リラの言葉を借りるなら、燃費が悪くなった日から、リースの魔力の減りが目に見えて早くなっている。
意識のないはずの整った顔を見下ろしながらレイはやれやれとため息をついた。
意識がないと言うよりも、眠っているような状態だと言っていただろうか。
何を、しているんだか
と、思う。どうせろくなことにその魔力は向けていない気がするのだ。それはきっと…。
想像は合っているだろうな、とレイは思う。残念ながら、この男は自分と同類だから。
魔力の減りが速くなったのと同時に、リラ以外の魔力を受け入れなくなった。それがきっと、何よりもの答え。
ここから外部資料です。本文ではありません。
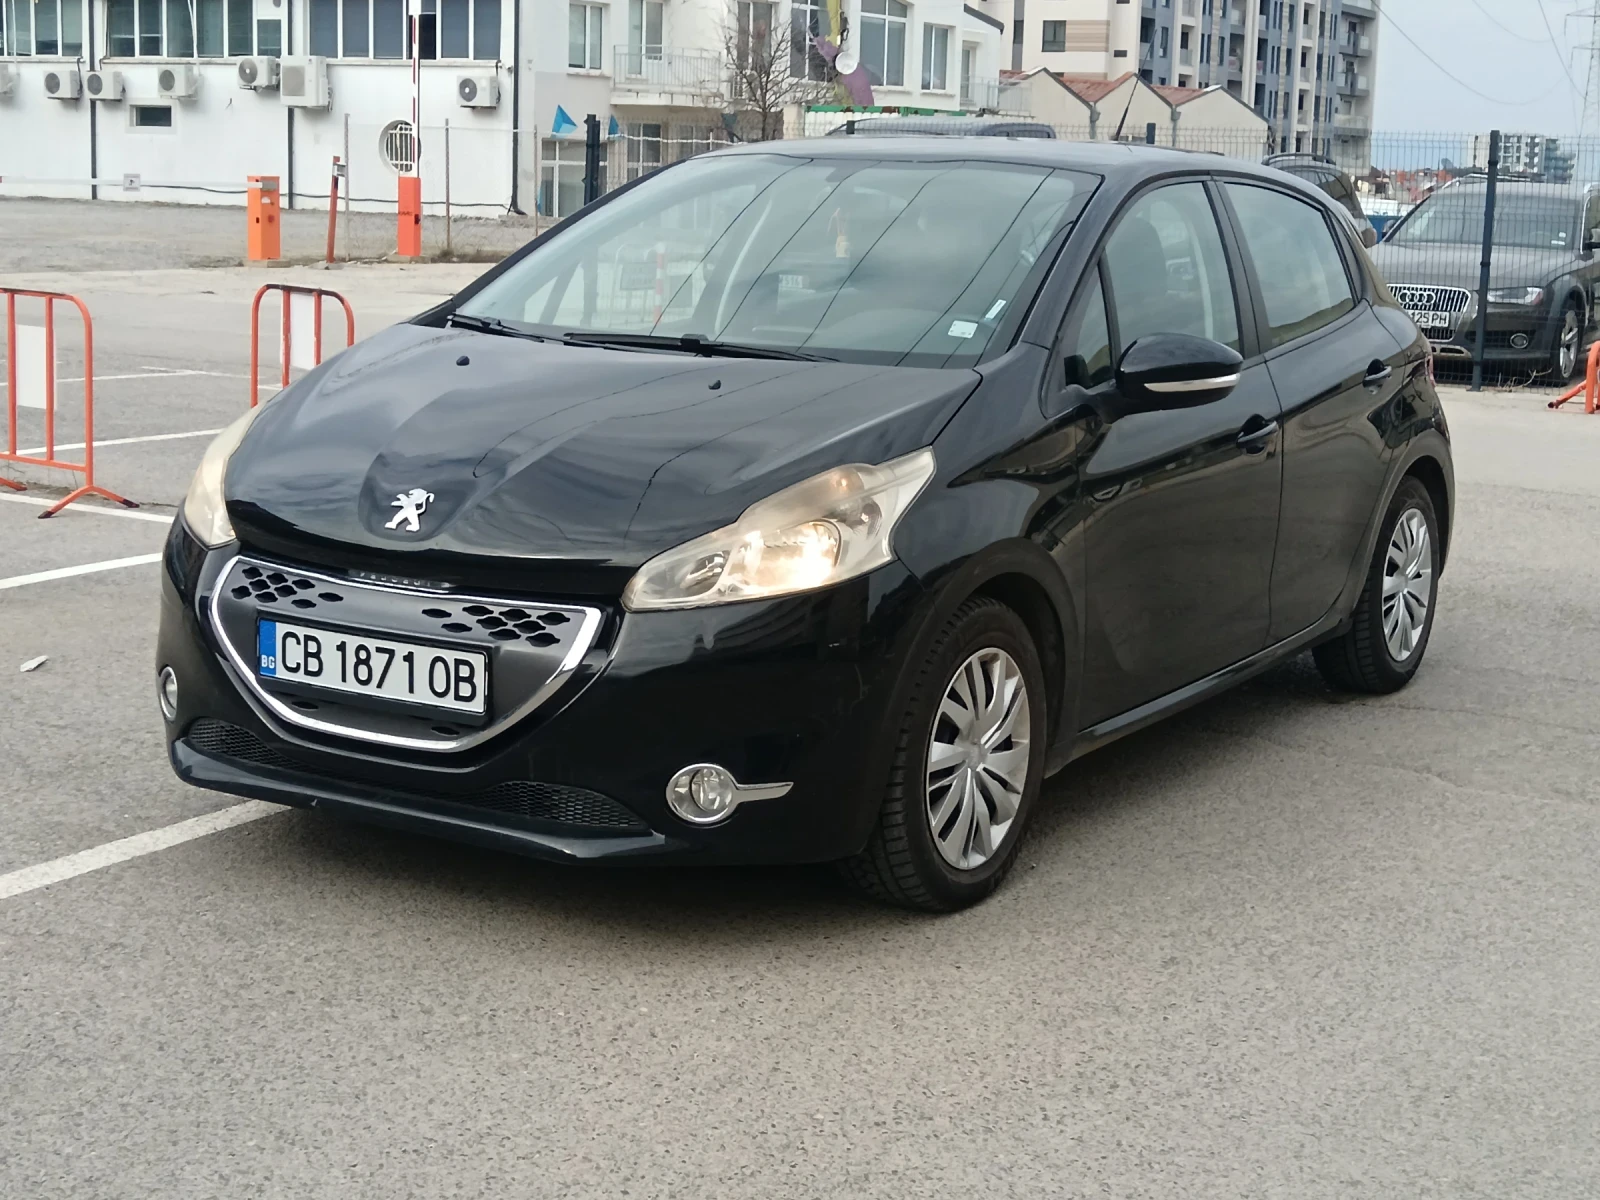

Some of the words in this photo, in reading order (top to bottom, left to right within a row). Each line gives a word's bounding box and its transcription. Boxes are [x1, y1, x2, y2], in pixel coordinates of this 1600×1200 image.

[1431, 313, 1448, 325] PH
[261, 654, 275, 669] BG
[281, 631, 324, 678] CB
[336, 640, 415, 694] 1871
まあ、いい加減、その目を開けてくだされば、お嬢様が喜びますから。さっさと起きてください。
歌人が聞けば嫌な顔をしそうな、丁寧な口調で胸の内で話しかける。
リラの魔力に混じり気があるだけでも、入りが悪くなる。レイがリラに魔力補給をした後も、後で確認すれば、リンデンがリラに分け与えた後もそうだった。
リラが帰宅して、真っ直ぐにリースの部屋に向かう。以前は先に食事ややることを済ませて、寝るだけにしてから、とレイとエルムで言っていたけれど。それはもうリラは聞き入れない。一度顔を見て少し補給して、それからでないと自分のことには手をつけようとしない。
リースの部屋に入り、リラはそのまま枕元に近づくと、変わった様子がないかその顔を見つめ、静かに口づけをする。帰宅後の魔力譲渡はあの後は口移しになっていた。それはリラが不安に思っている証拠。そこまで込みで、確信犯なのではないかとレイやエルムは思ってしまうのだけれど。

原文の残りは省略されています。